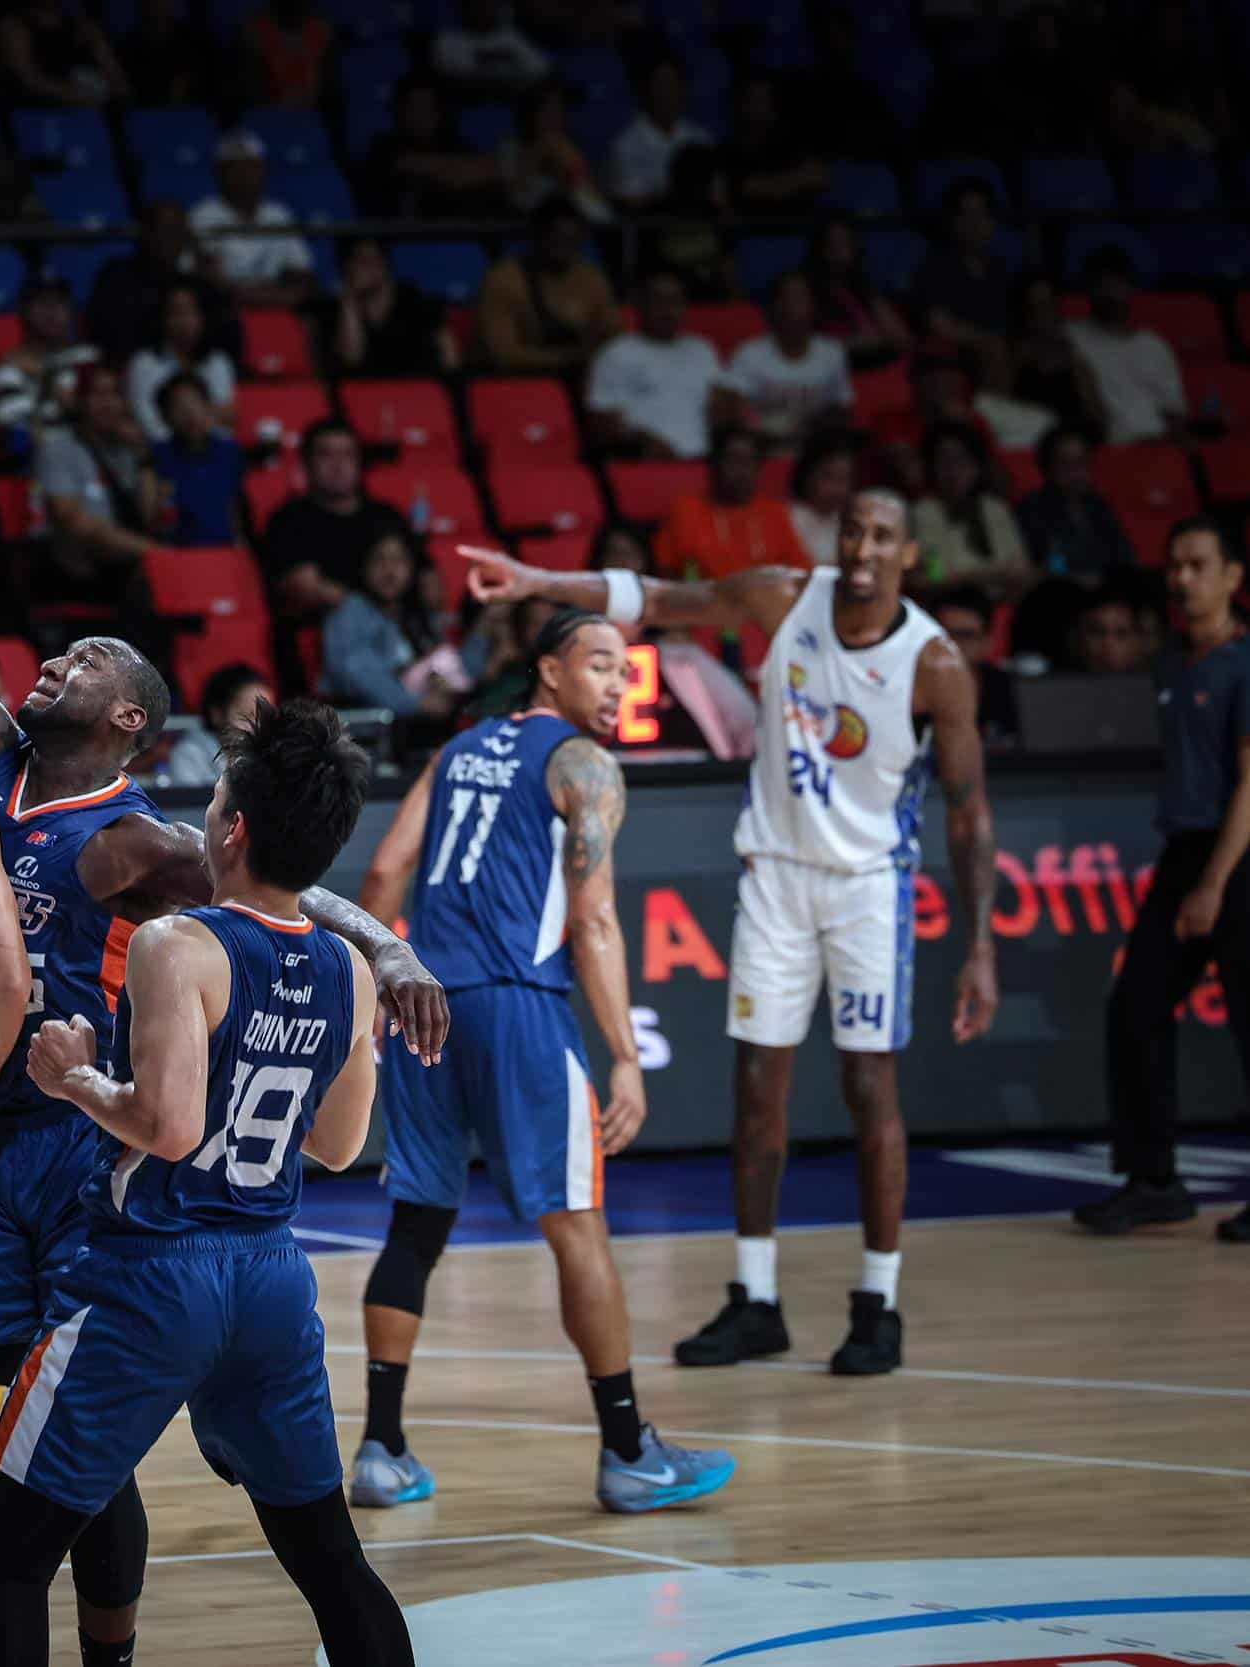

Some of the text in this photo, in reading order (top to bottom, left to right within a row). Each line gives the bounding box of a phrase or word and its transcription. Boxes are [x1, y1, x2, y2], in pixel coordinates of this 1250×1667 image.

[427, 787, 502, 886] 11
[838, 990, 883, 1030] 24
[191, 1058, 314, 1188] 19
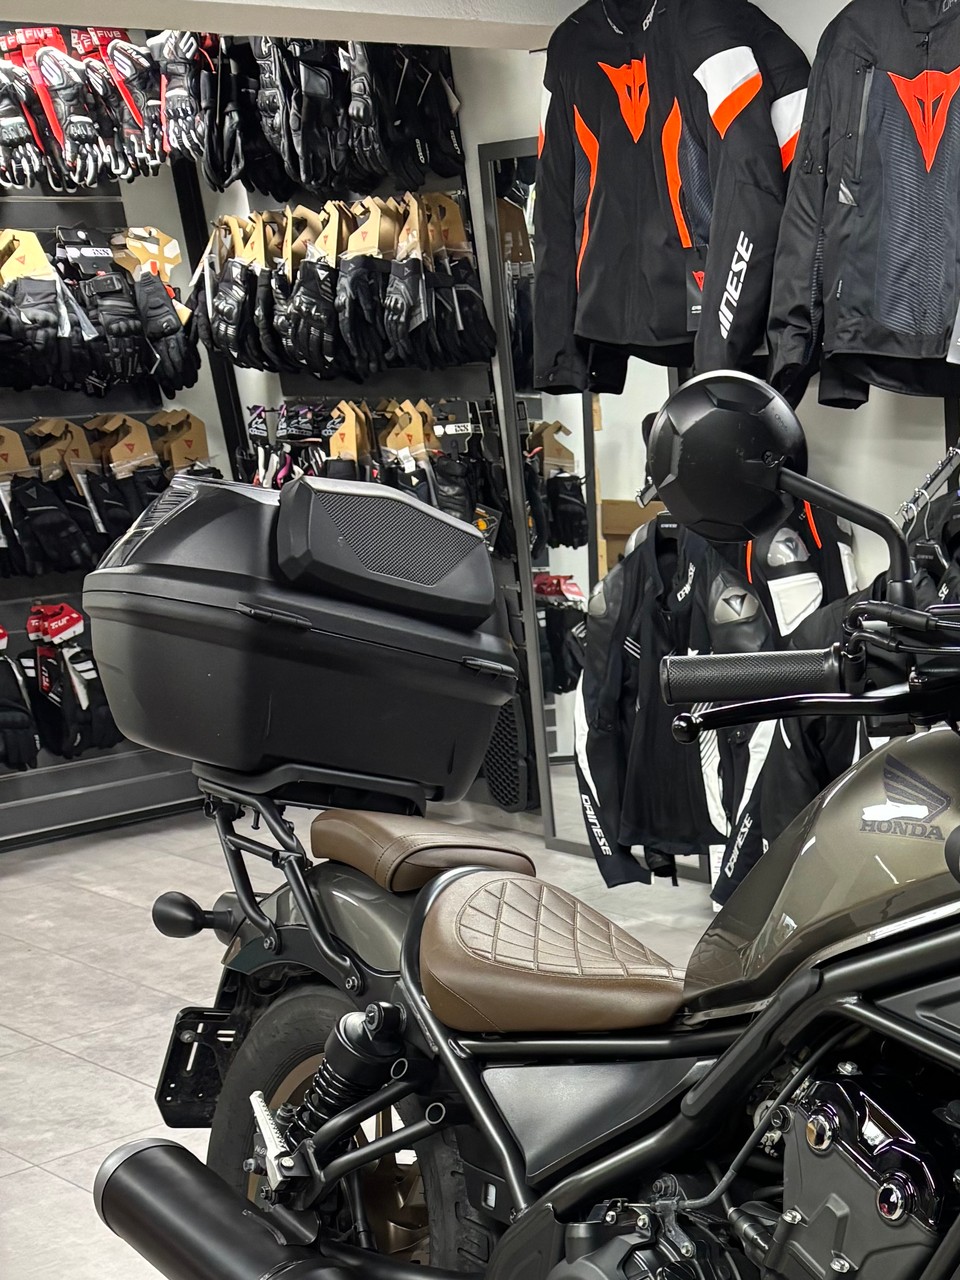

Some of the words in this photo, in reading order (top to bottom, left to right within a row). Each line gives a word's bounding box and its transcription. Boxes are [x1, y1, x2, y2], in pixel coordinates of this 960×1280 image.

[581, 794, 613, 857] DAINESE
[725, 813, 753, 878] DAINESE
[859, 819, 945, 841] HONDA
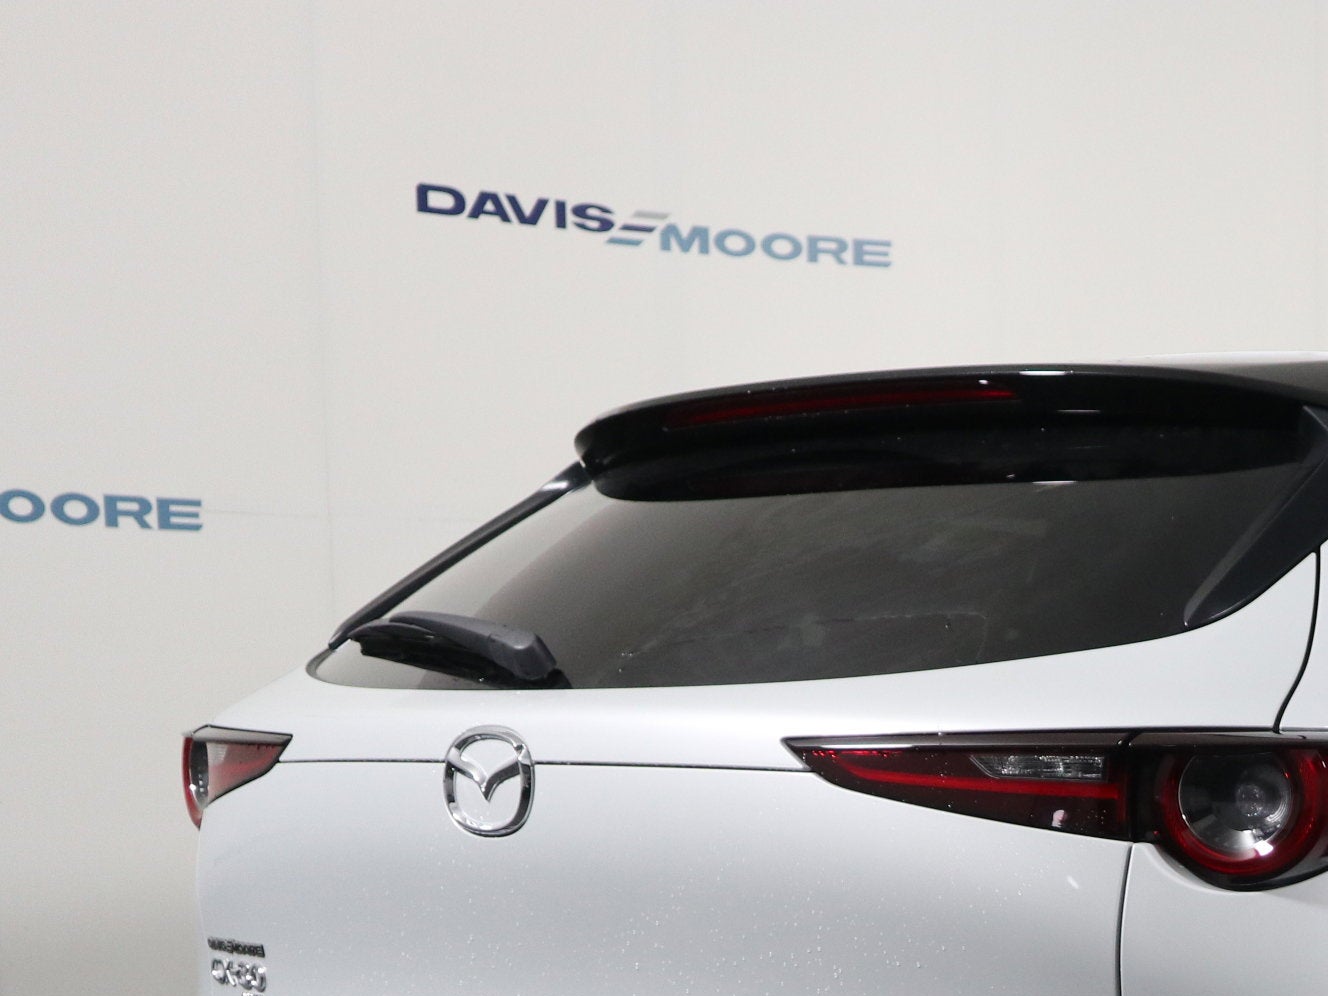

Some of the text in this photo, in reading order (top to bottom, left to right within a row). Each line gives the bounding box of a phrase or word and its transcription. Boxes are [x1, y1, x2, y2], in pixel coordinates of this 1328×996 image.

────────────────────

WHAT YOU WILL DO: Retype each of the entries above exactly as it appears, with no pictures.

TASK OUTPUT:
Some of the text in this photo, in reading order (top to bottom, left to right within a row). Each line gives the bounding box of a phrase or word and its transcription. Boxes are [x1, y1, x2, y2], in pixel coordinates of this 1250×1667 image.

[427, 787, 502, 886] 11
[838, 990, 883, 1030] 24
[191, 1058, 314, 1188] 19

Some of the words in this photo, in reading order (top to bottom, left to right within a row). Each line gives a word's bounding box and its transcription. Boxes are [x1, y1, x2, y2], in pixel coordinates of this 960×1280 image.

[581, 794, 613, 857] DAINESE
[725, 813, 753, 878] DAINESE
[859, 819, 945, 841] HONDA

Some of the text in this photo, in reading order (top to bottom, left to right within a row). Each line gives the bounding box of a phrase or word and its transcription. Boxes are [x1, y1, x2, y2], in pixel coordinates of this 1328×996 image.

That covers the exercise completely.